Content starts
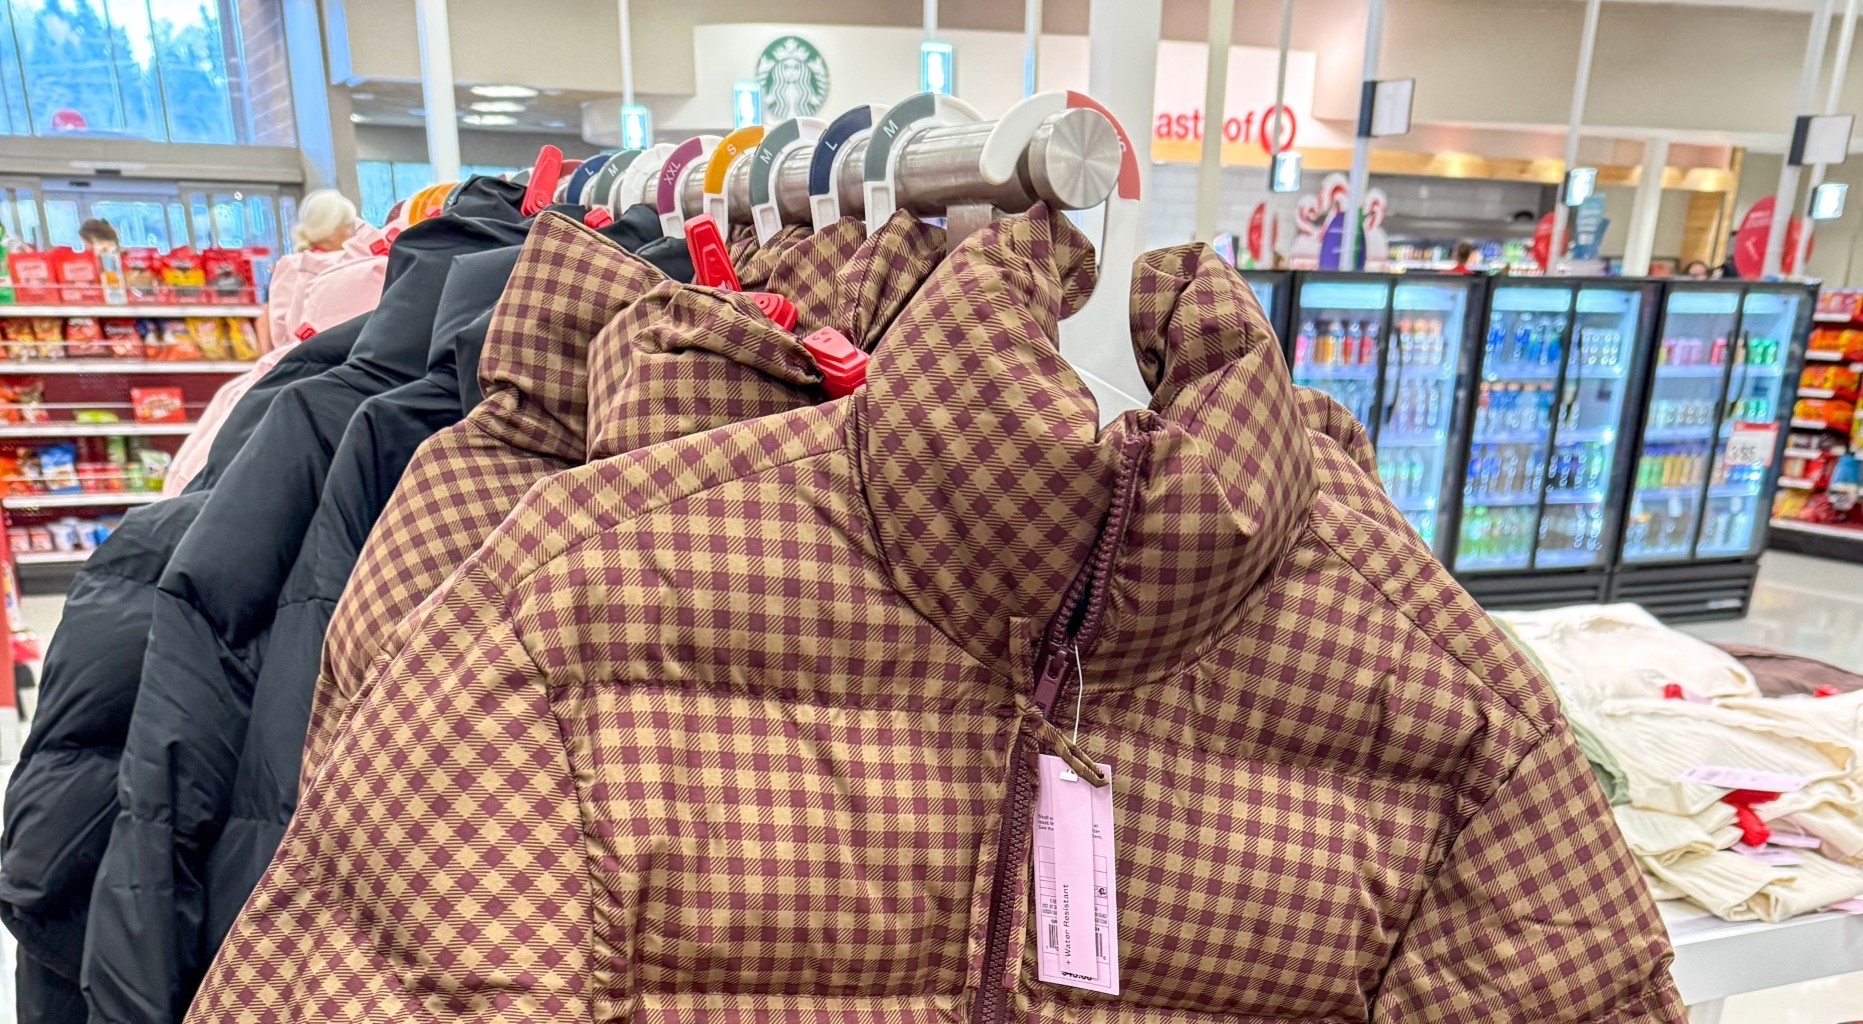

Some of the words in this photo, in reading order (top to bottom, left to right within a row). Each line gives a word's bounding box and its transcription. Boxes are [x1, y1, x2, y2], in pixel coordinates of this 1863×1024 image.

[882, 119, 898, 139] M
[1156, 109, 1203, 140] ast
[1223, 110, 1254, 143] of
[726, 143, 737, 156] S
[825, 140, 838, 152] L
[759, 149, 773, 165] M
[585, 167, 594, 176] L
[607, 163, 618, 177] M
[663, 161, 681, 186] XXL
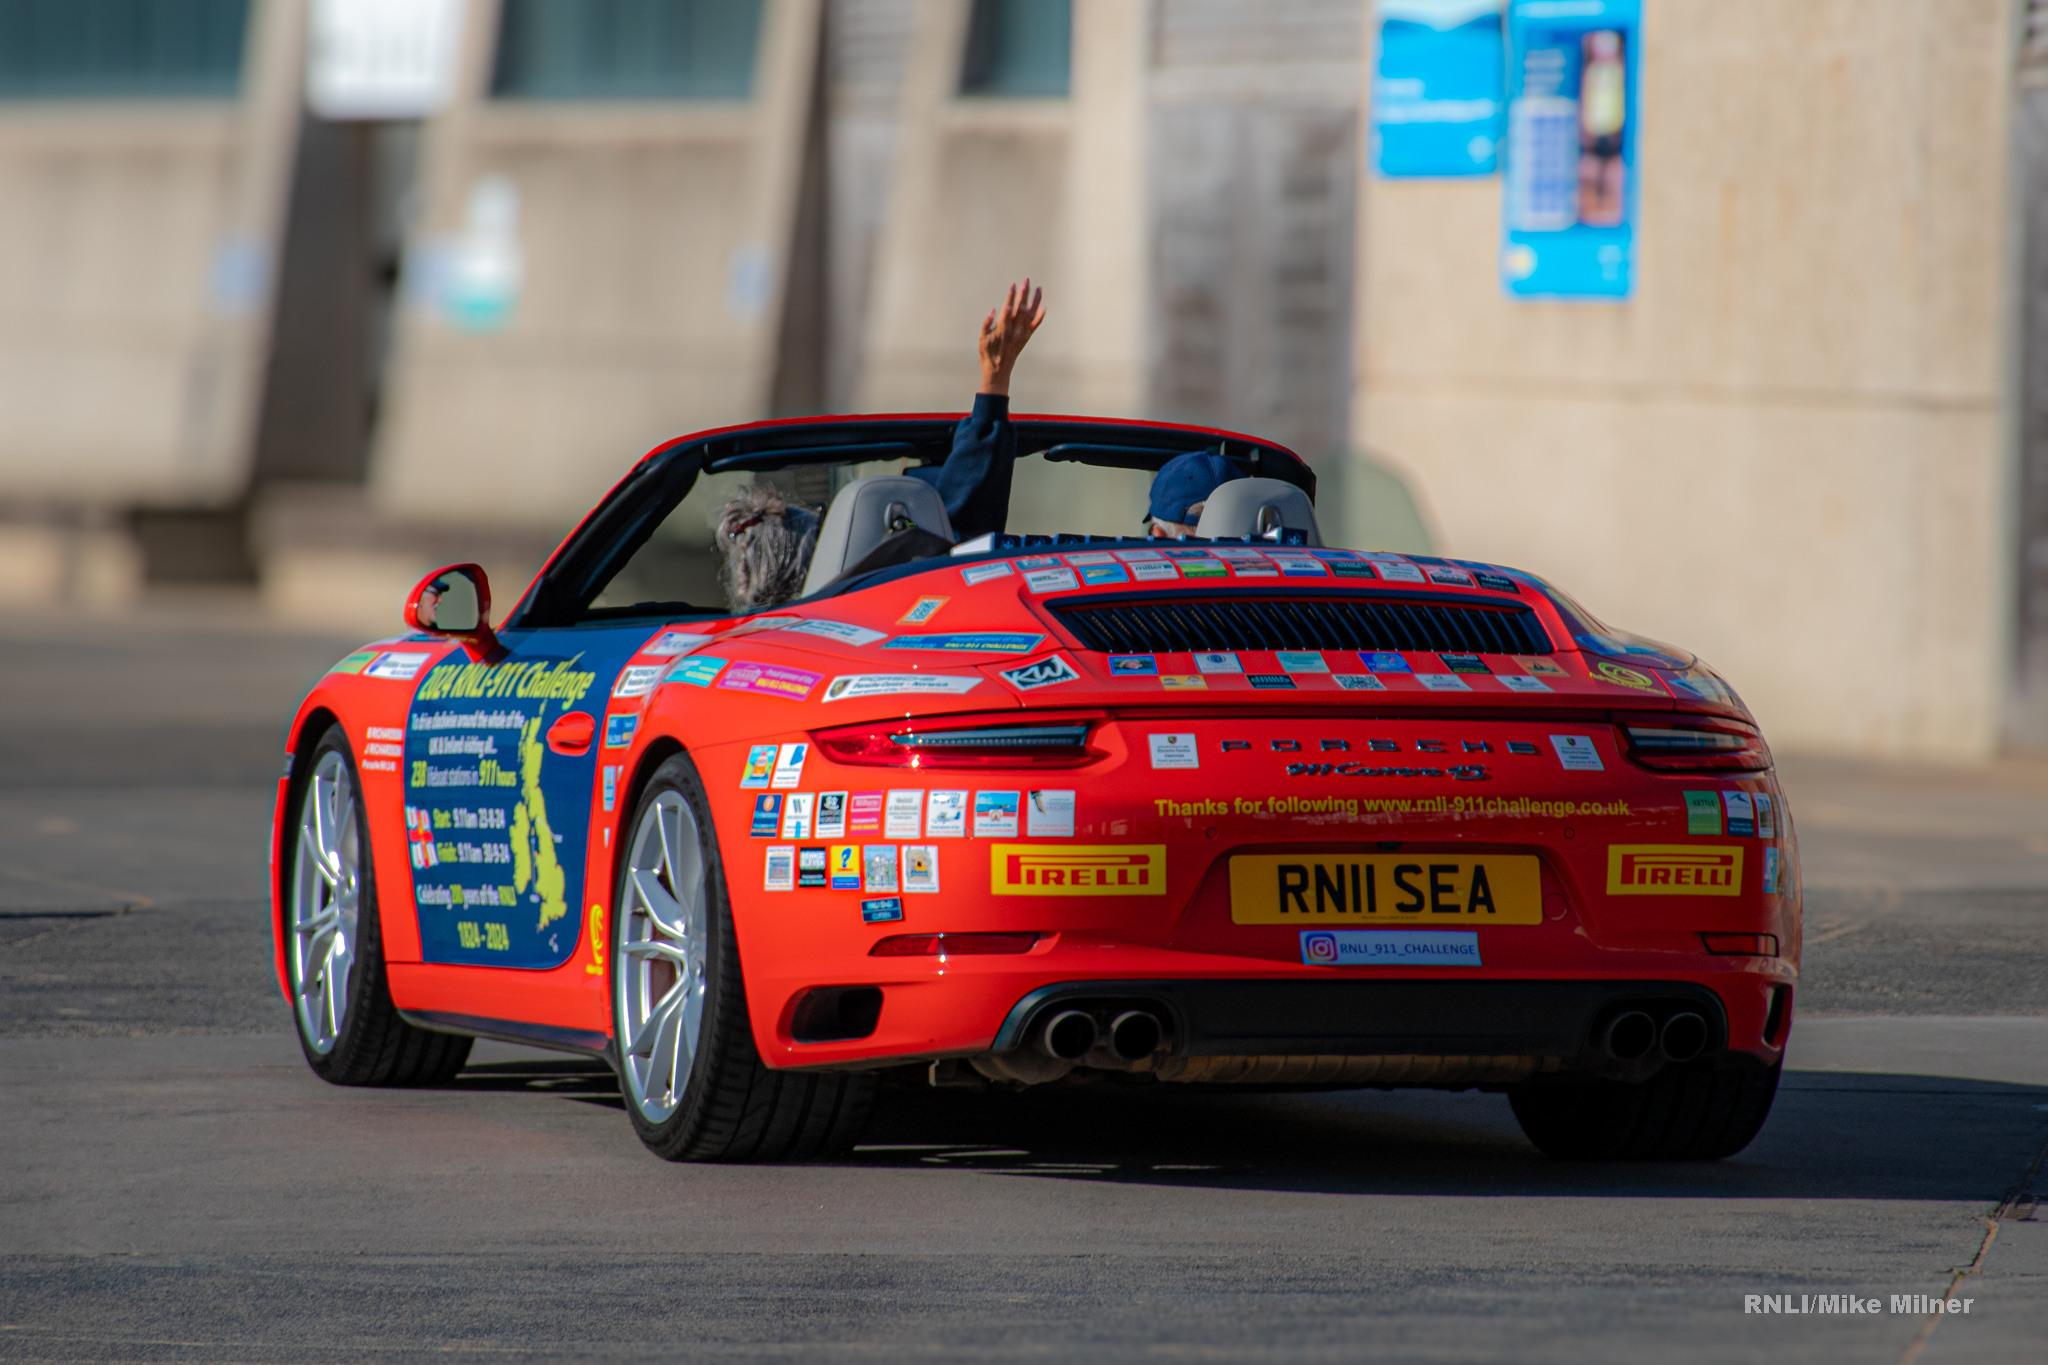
Content ends
Return every line above verbatim, pictures excluded.

= Response area =
Some of the words in this photo, in reading order (top to bottom, left to right within a row). Each line gives a word's bounding box and its transcription. Boxes are [x1, y1, x2, y2], in pixel coordinates of this 1863×1024 image.

[882, 119, 898, 139] M
[1156, 109, 1203, 140] ast
[1223, 110, 1254, 143] of
[726, 143, 737, 156] S
[825, 140, 838, 152] L
[759, 149, 773, 165] M
[585, 167, 594, 176] L
[607, 163, 618, 177] M
[663, 161, 681, 186] XXL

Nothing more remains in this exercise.